November 18, 2002
CBF Texas will consider aid to former IMB missionaries
___By Marv Knox
___Editor
___WACO--Cooperative Baptist Fellowship Texas will consider sending former Southern Baptist International Mission Board missionaries back to the field and hiring a full-time staff leader in the coming year.
___CBF Texas, a state affiliate of the national Cooperative Baptist Fellowship, held its coordinating council meeting in Waco Nov. 10-11 on the eve of the Baptist General Convention of Texas annual session. The national CBF was formed in 1991 by so-called "moderate" Baptists who were disaffected by the increasingly rightward march of the Southern Baptist Convention.
___The CBF Texas council voted to consider helping Southern Baptist missionaries remain on the field if they are forced to resign rather than affirm the 2000 Baptist Faith & Message document. Both the SBC's International Mission Board and North American Mission Board require their fully funded missionaries to affirm the current Baptist Faith & Message.

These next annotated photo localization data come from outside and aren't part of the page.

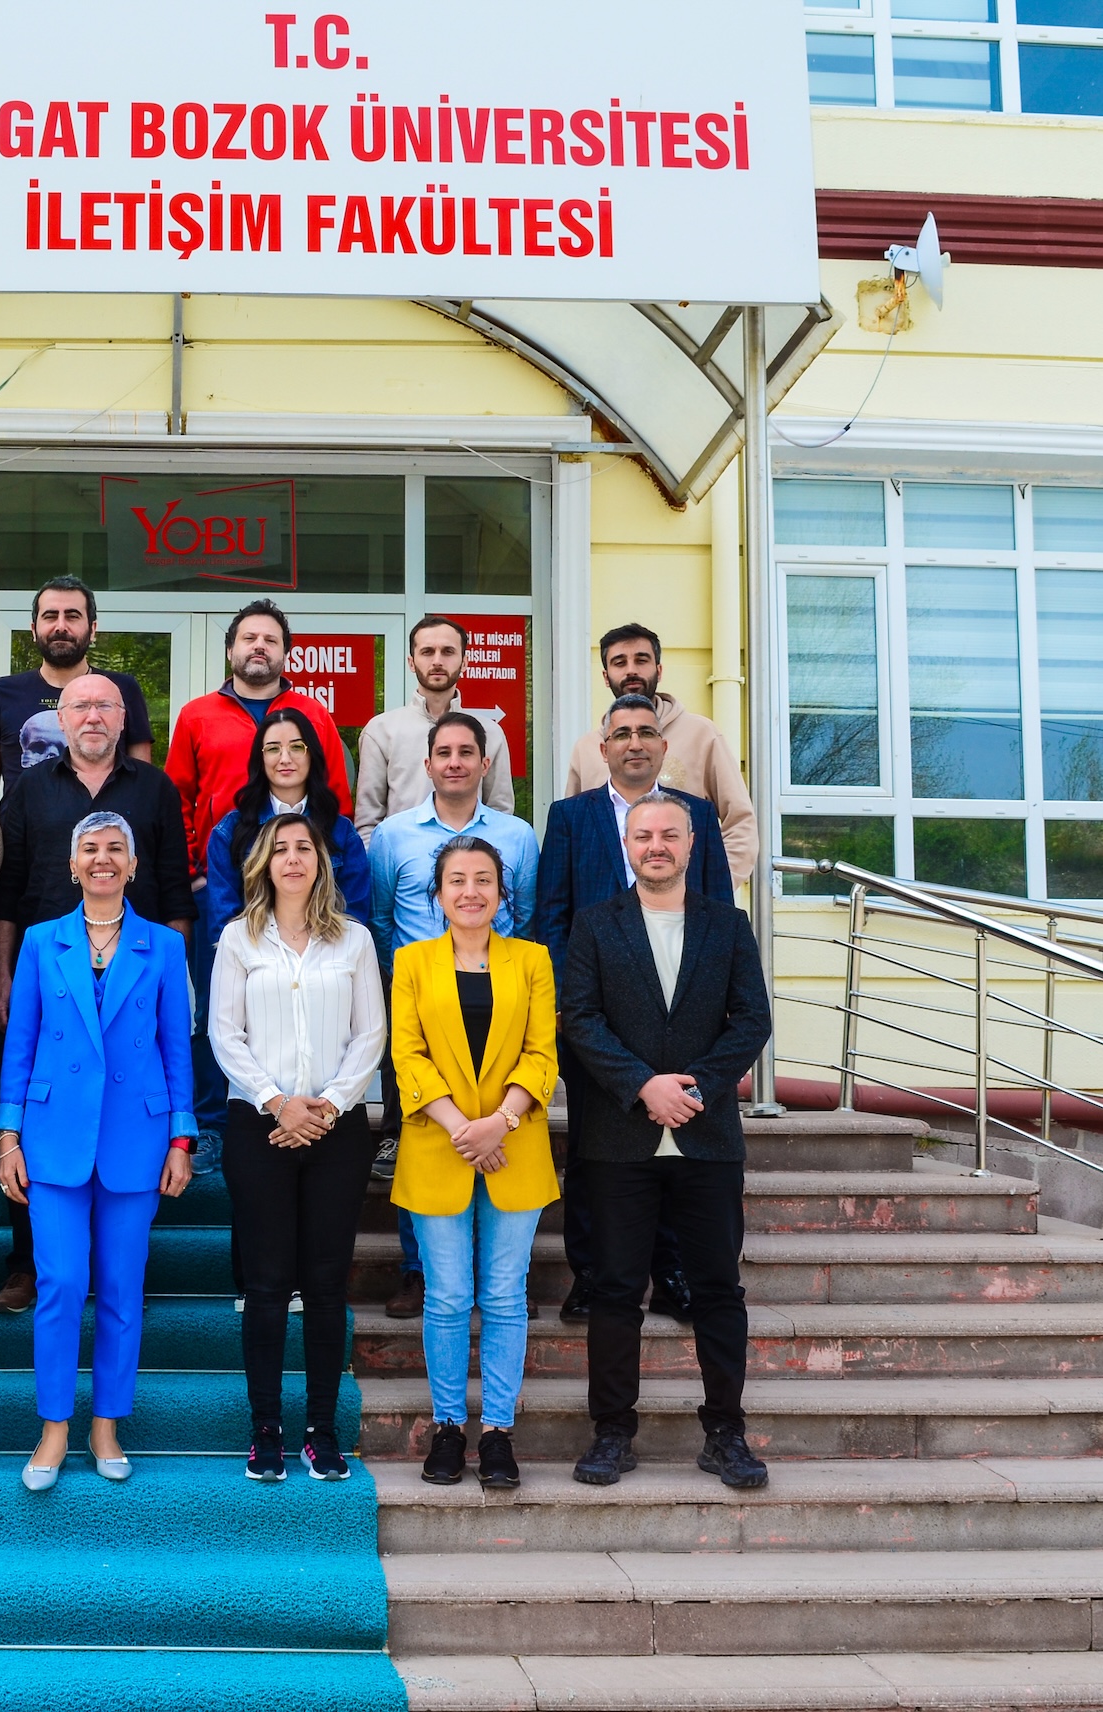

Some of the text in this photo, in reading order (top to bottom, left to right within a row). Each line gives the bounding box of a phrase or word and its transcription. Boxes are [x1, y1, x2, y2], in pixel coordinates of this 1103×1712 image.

[265, 13, 369, 70] T.C.
[130, 101, 330, 161] BOZOK
[350, 93, 750, 171] ÜNİVERSİTESİ
[25, 178, 614, 260] İLETİŞİM FAKÜLTESİ
[130, 498, 267, 556] YOBU
[473, 633, 485, 645] VE
[486, 631, 523, 646] MİSAFİR
[466, 666, 517, 680] TARAFTADIR

___Some missionaries have said they cannot affirm the 2000 Baptist Faith & Message because it violates their consciences. For example, the Baptist General Convention of Texas has refused to affirm the document three times.

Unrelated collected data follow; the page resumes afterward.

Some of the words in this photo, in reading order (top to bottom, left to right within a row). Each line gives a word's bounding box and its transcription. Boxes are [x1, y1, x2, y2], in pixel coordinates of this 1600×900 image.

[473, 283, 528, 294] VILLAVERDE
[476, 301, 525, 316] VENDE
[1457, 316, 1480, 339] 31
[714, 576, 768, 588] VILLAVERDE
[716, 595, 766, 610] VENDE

___Critics have contended it functions as a creed. They also have said it seeks to place the Bible in a stronger position than Jesus, denigrates the historic Baptist principle of the priesthood of the believer and seeks to supplant local-church autonomy.
___Citing these developments, Dick Hurst, a lay member of First Baptist Church in Tyler, noted, "CBF has been jump-started by opportunities." The requirement that missionaries affirm the 2000 Baptist Faith & Message is such an opportunity, he added.
___CBF Texas should respond to that opportunity by considering ways to help a missionary couple return to the mission field if they resign or are terminated rather than affirm the 2000 Baptist Faith & Message.
___As an example, he cited Rick and Nancy Dill, missionaries to Germany, who have been told they cannot return to the mission field unless they affirm the SBC's faith statement. The Dills have said they will resign rather than sign.
___Hurst estimated the cost for keeping one missionary couple on the field will be "$80,000 or more," but that costs could be spread if CBF Texas were to partner in the venture with CBF affiliates from other states, such as Oklahoma, Arkansas or Louisiana.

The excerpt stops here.